Task prompt: Nothing but the pictures is dropped; write out all the remaining data below exactly.

(Images for object localization)
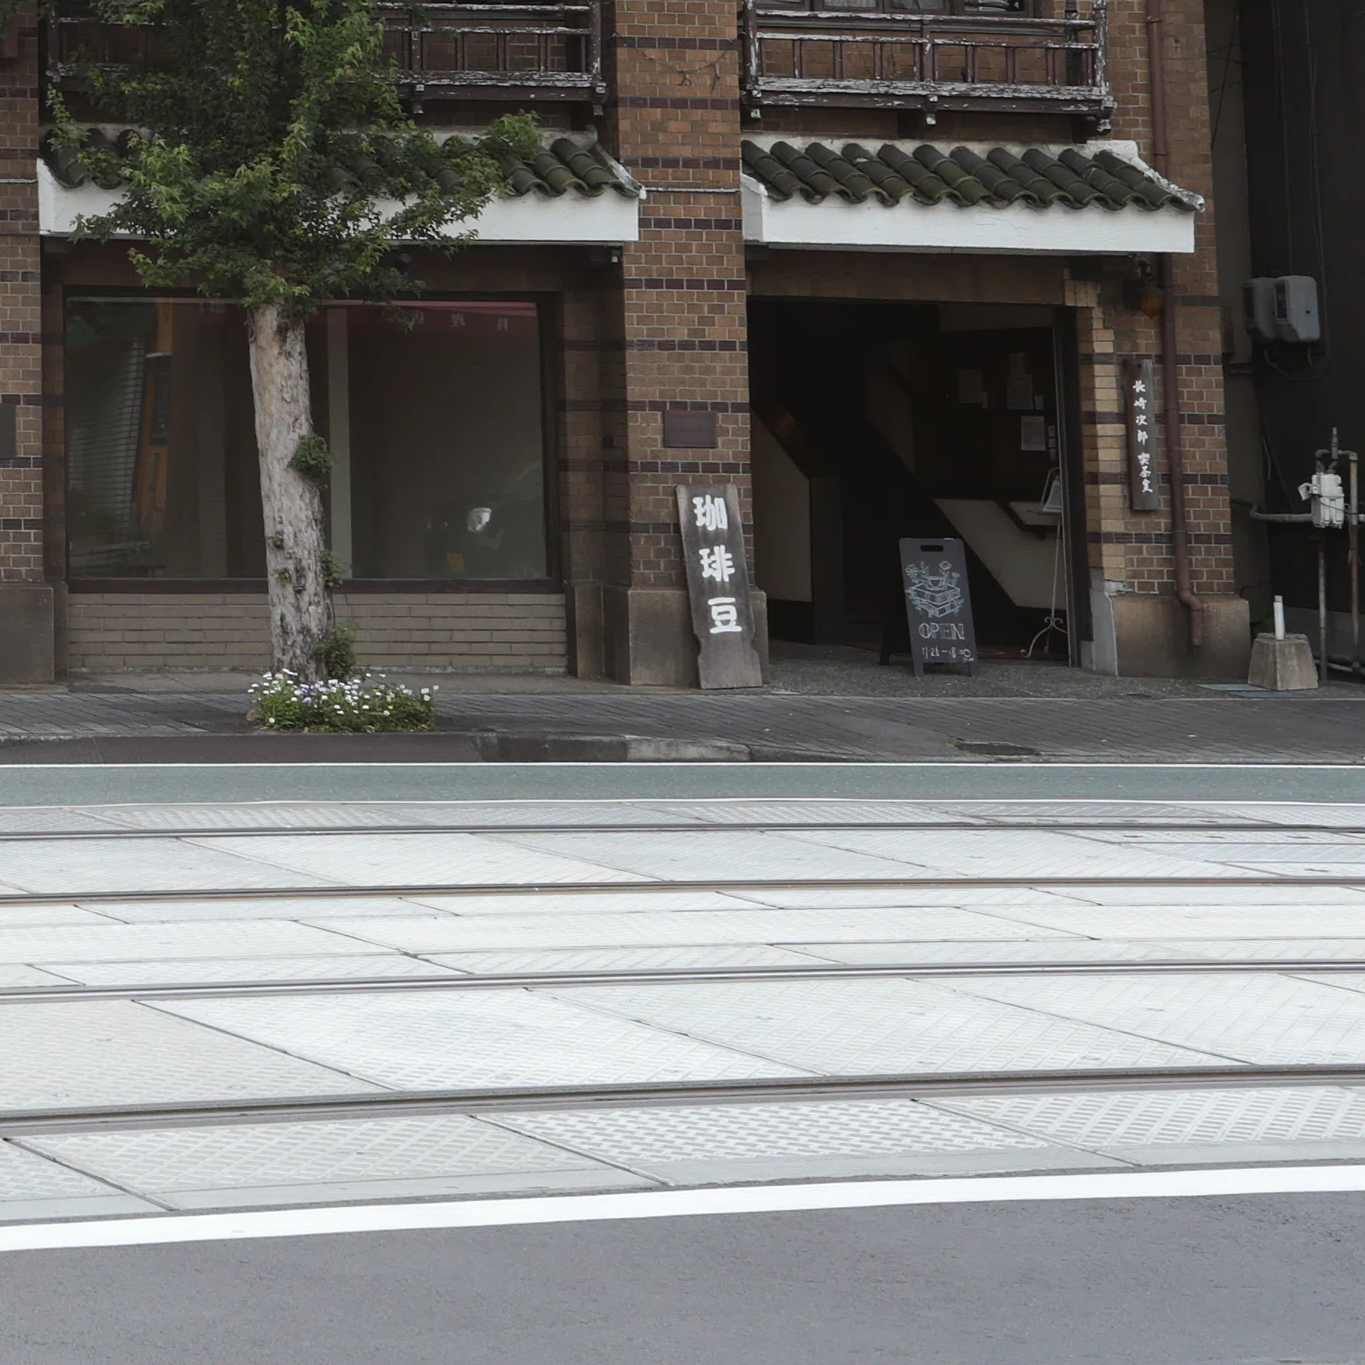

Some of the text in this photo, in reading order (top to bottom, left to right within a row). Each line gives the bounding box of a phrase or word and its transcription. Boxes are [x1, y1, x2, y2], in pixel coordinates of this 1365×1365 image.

[692, 494, 742, 634] 珈琲豆
[918, 622, 966, 640] OPEN
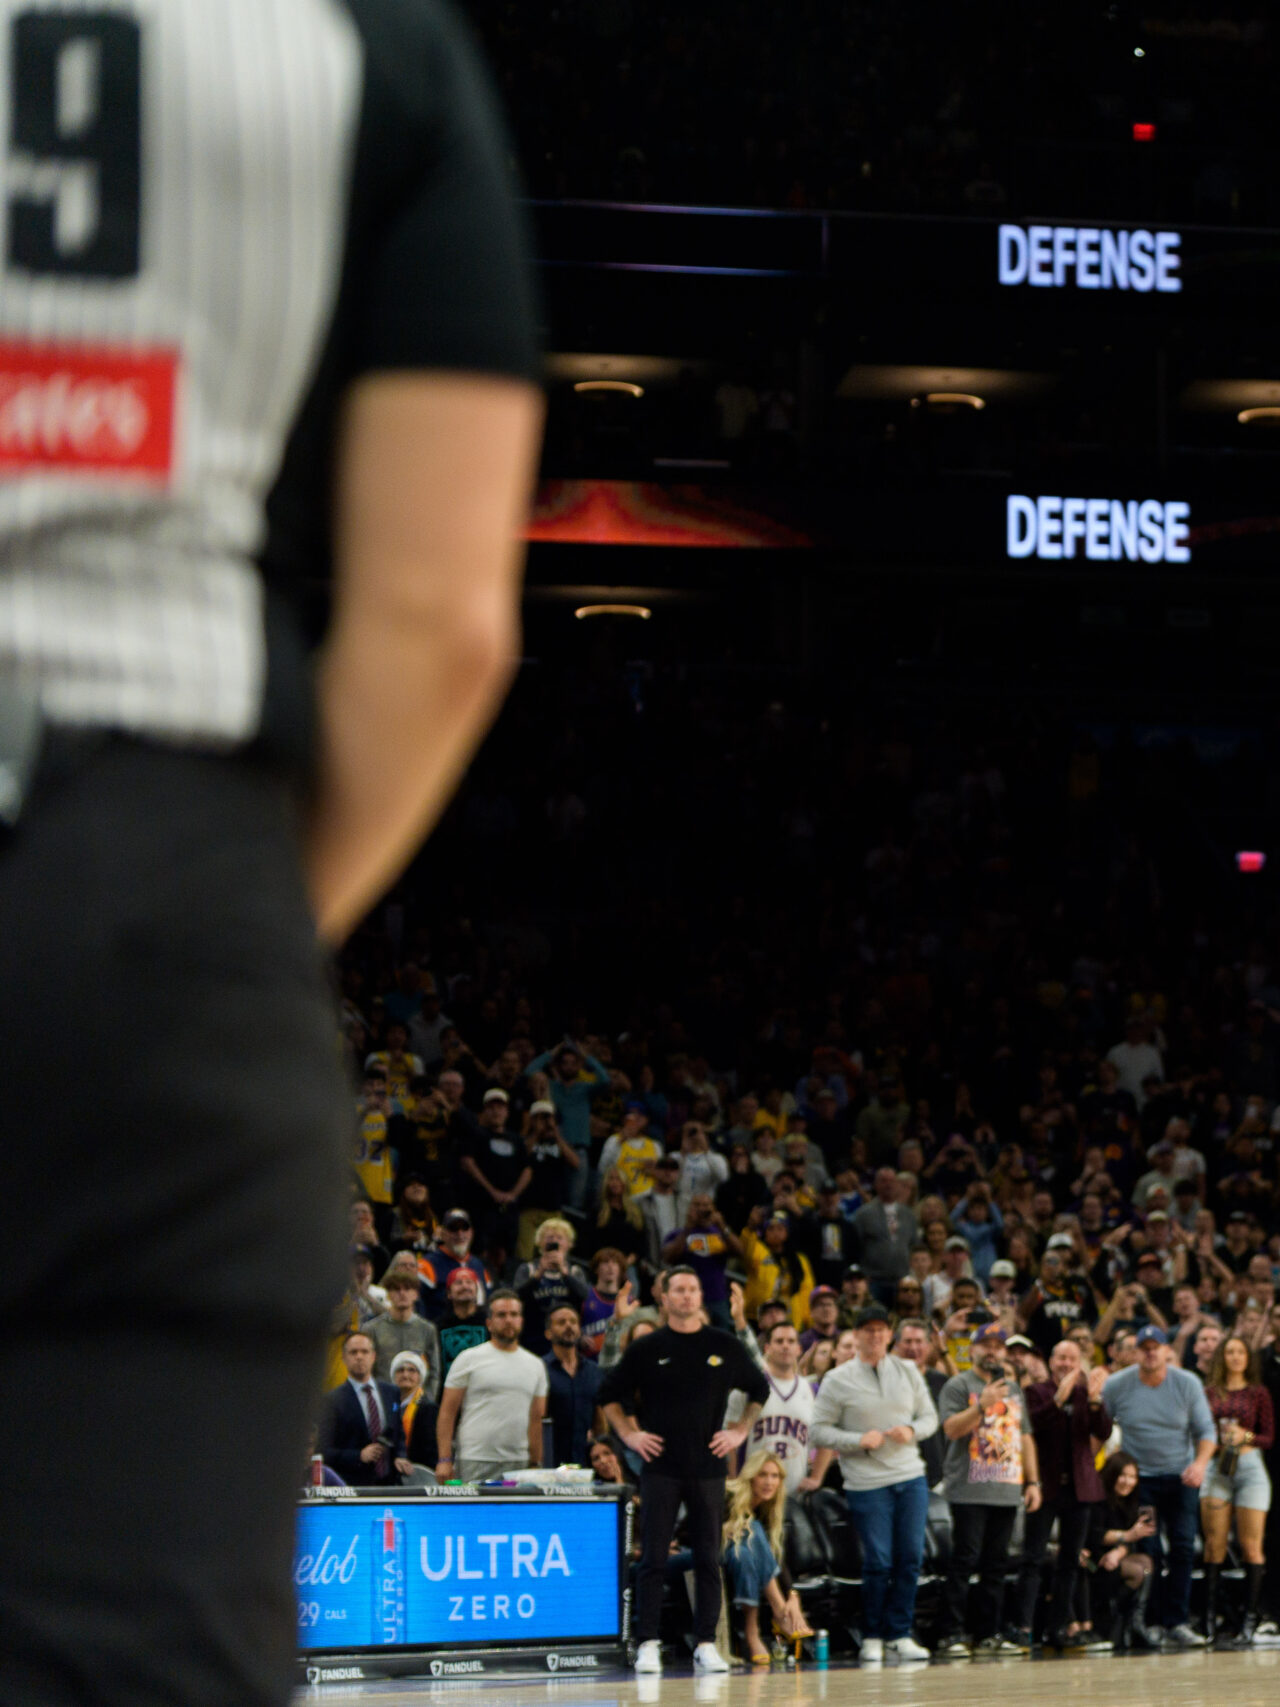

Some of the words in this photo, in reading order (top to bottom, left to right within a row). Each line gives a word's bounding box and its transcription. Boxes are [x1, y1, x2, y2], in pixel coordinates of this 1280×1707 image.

[10, 14, 142, 276] 9
[999, 224, 1182, 292] DEFENSE
[1007, 495, 1191, 563] DEFENSE
[752, 1415, 809, 1446] SUNS
[438, 1486, 478, 1497] FANDUEL
[555, 1486, 594, 1497] FANDUEL
[420, 1534, 570, 1581] ULTRA
[324, 1608, 347, 1620] CALS
[384, 1559, 396, 1643] ULTRA
[448, 1594, 536, 1621] ZERO
[321, 1666, 364, 1681] FANDUEL
[444, 1660, 484, 1674] FANDUEL
[560, 1654, 598, 1668] FANDUEL
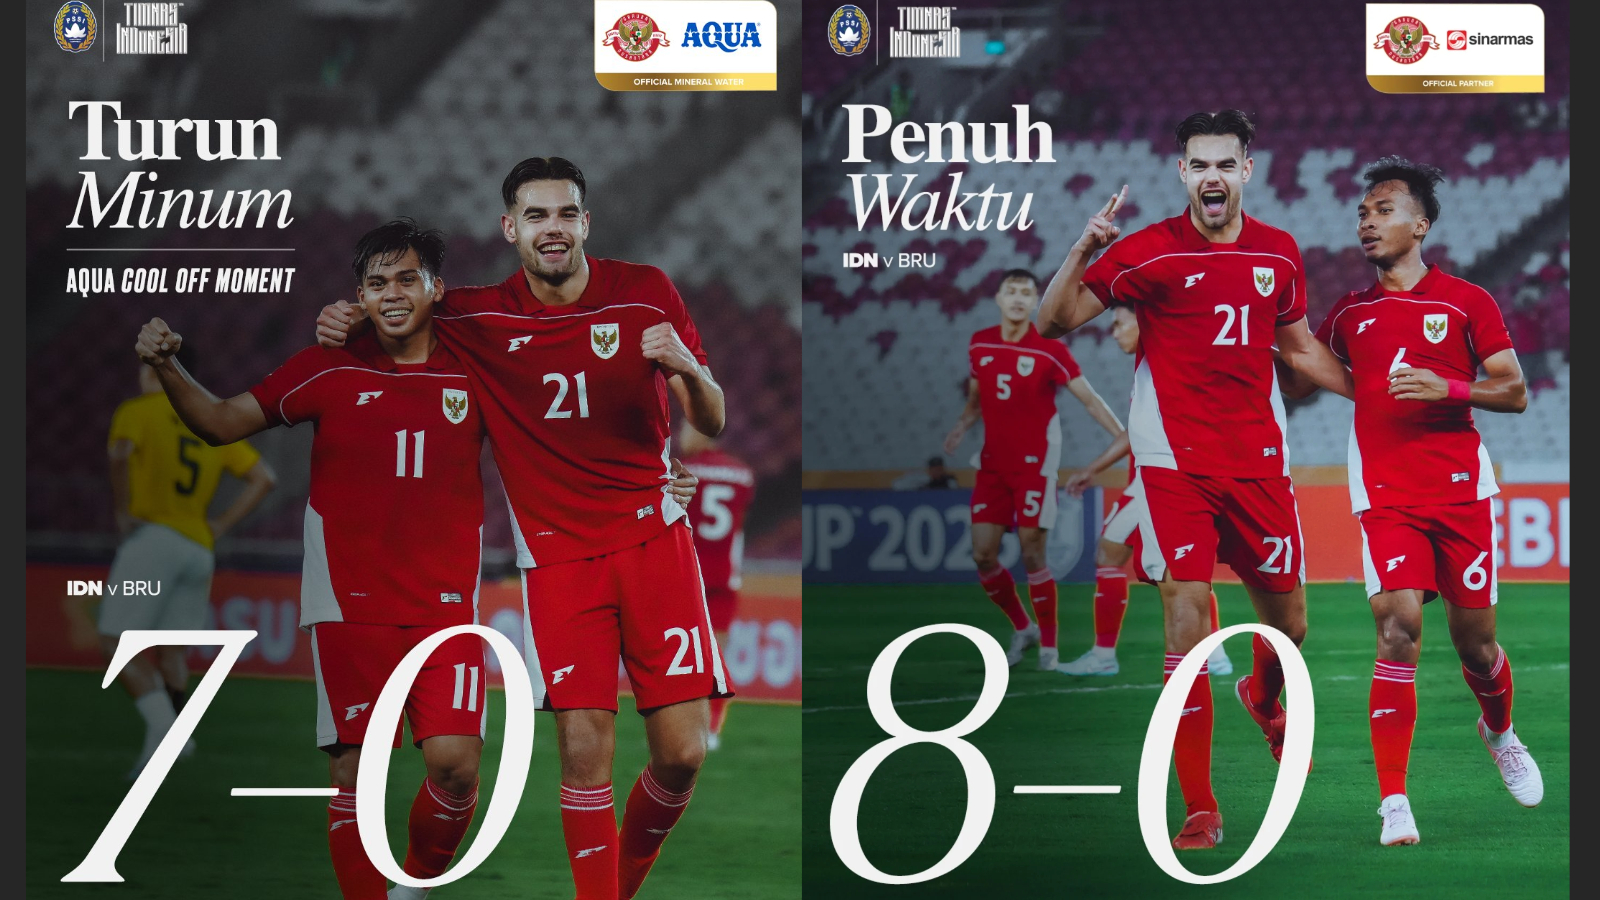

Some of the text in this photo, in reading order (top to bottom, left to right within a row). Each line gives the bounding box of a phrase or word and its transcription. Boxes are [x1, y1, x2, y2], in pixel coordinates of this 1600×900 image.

[1212, 304, 1250, 346] 21
[543, 371, 589, 419] 21
[996, 373, 1012, 400] 5
[175, 436, 199, 496] 5
[395, 429, 425, 478] 11
[697, 484, 735, 541] 5
[1022, 490, 1042, 517] 5
[1257, 535, 1292, 575] 21
[1463, 551, 1488, 591] 6
[664, 625, 704, 676] 21
[453, 662, 479, 712] 11
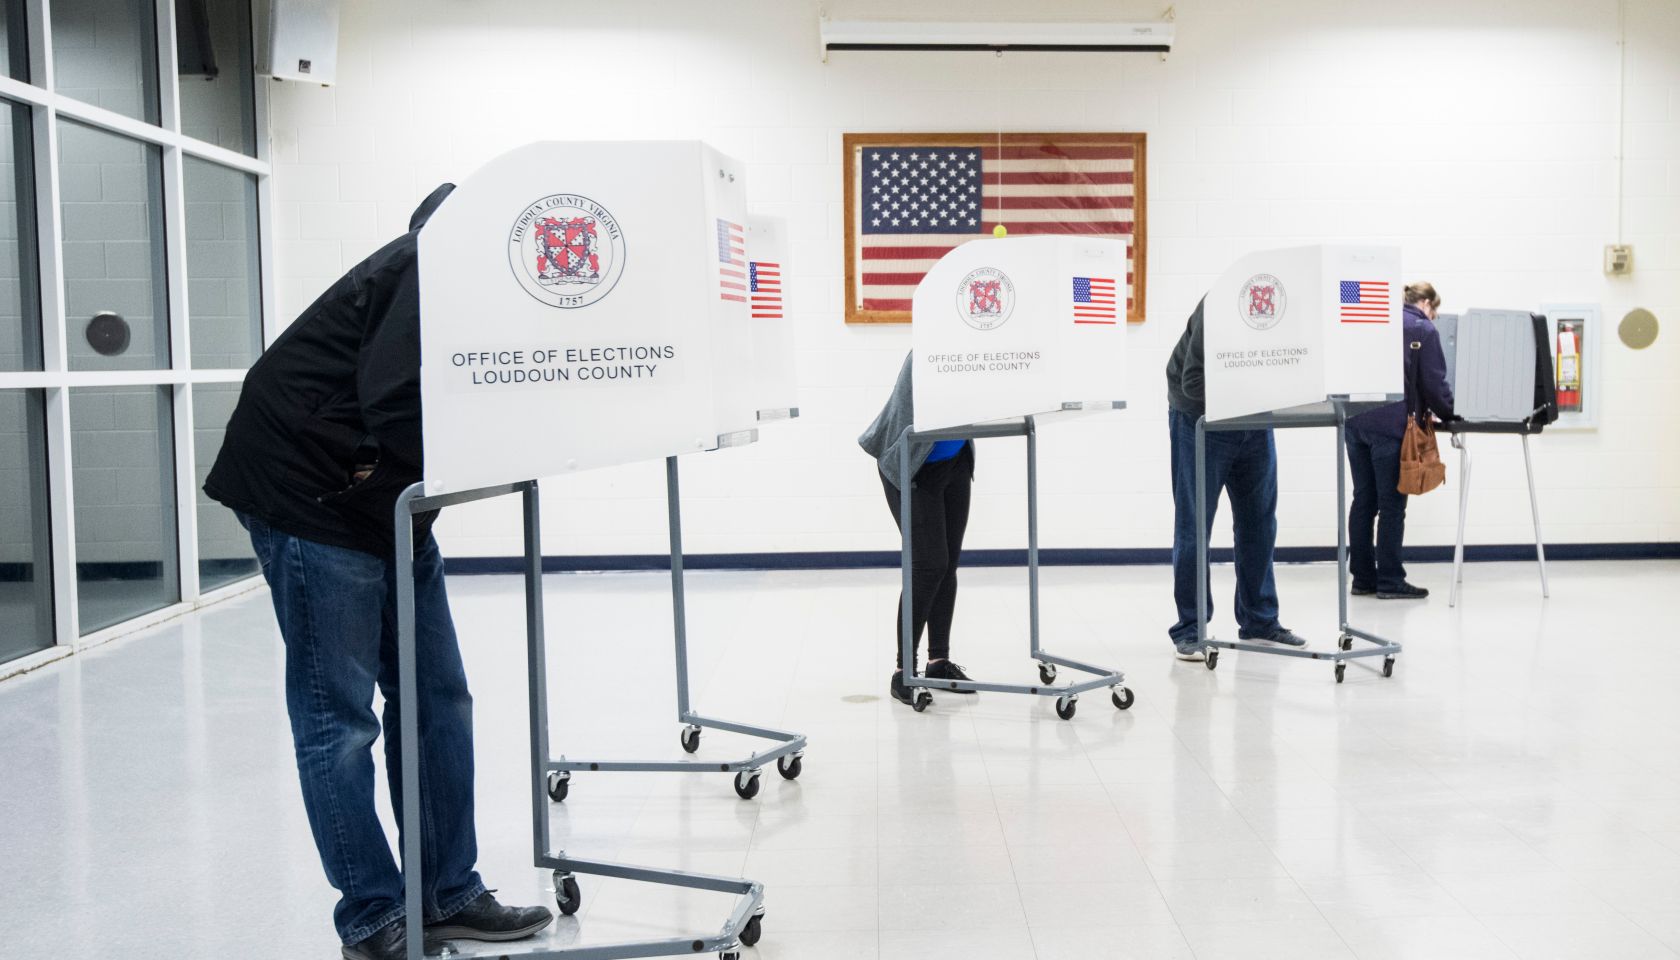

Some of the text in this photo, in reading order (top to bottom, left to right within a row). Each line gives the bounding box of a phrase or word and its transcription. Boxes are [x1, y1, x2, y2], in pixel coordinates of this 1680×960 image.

[512, 196, 619, 243] LOUDOUN COUNTY VIRGINIA
[559, 296, 584, 306] 1757
[452, 345, 675, 367] OFFICE OF ELECTIONS
[928, 351, 1041, 363] OFFICE OF ELECTIONS
[1216, 347, 1308, 360] OFFICE OF ELECTIONS
[937, 361, 1031, 373] LOUDOUN COUNTY
[1224, 357, 1300, 369] LOUDOUN COUNTY
[472, 364, 658, 385] LOUDOUN COUNTY

Task solution:
Some of the text in this photo, in reading order (top to bottom, left to right within a row). Each line gives the bounding box of a phrase or word and its transcription. Boxes are [x1, y1, x2, y2], in pixel coordinates of this 1365×1365 image.

[692, 494, 742, 634] 珈琲豆
[918, 622, 966, 640] OPEN

Some of the words in this photo, in reading order (top to bottom, left to right within a row). Each line gives a word's bounding box and its transcription. Boxes are [x1, y1, x2, y2], in pixel coordinates of this 1280×1707 image.

[10, 14, 142, 276] 9
[999, 224, 1182, 292] DEFENSE
[1007, 495, 1191, 563] DEFENSE
[752, 1415, 809, 1446] SUNS
[438, 1486, 478, 1497] FANDUEL
[555, 1486, 594, 1497] FANDUEL
[420, 1534, 570, 1581] ULTRA
[324, 1608, 347, 1620] CALS
[384, 1559, 396, 1643] ULTRA
[448, 1594, 536, 1621] ZERO
[321, 1666, 364, 1681] FANDUEL
[444, 1660, 484, 1674] FANDUEL
[560, 1654, 598, 1668] FANDUEL

Some of the text in this photo, in reading order (top to bottom, left to right within a row). Each line gives the bounding box of a phrase or word and its transcription. Boxes are [x1, y1, x2, y2], in pixel coordinates of this 1600×900 image.

[1212, 304, 1250, 346] 21
[543, 371, 589, 419] 21
[996, 373, 1012, 400] 5
[175, 436, 199, 496] 5
[395, 429, 425, 478] 11
[697, 484, 735, 541] 5
[1022, 490, 1042, 517] 5
[1257, 535, 1292, 575] 21
[1463, 551, 1488, 591] 6
[664, 625, 704, 676] 21
[453, 662, 479, 712] 11

Some of the text in this photo, in reading order (top to bottom, left to right within a row). Each line gives the bounding box of a phrase or word and its transcription. Boxes are [x1, y1, x2, y2], in pixel coordinates of this 1680×960 image.

[512, 196, 619, 243] LOUDOUN COUNTY VIRGINIA
[559, 296, 584, 306] 1757
[452, 345, 675, 367] OFFICE OF ELECTIONS
[928, 351, 1041, 363] OFFICE OF ELECTIONS
[1216, 347, 1308, 360] OFFICE OF ELECTIONS
[937, 361, 1031, 373] LOUDOUN COUNTY
[1224, 357, 1300, 369] LOUDOUN COUNTY
[472, 364, 658, 385] LOUDOUN COUNTY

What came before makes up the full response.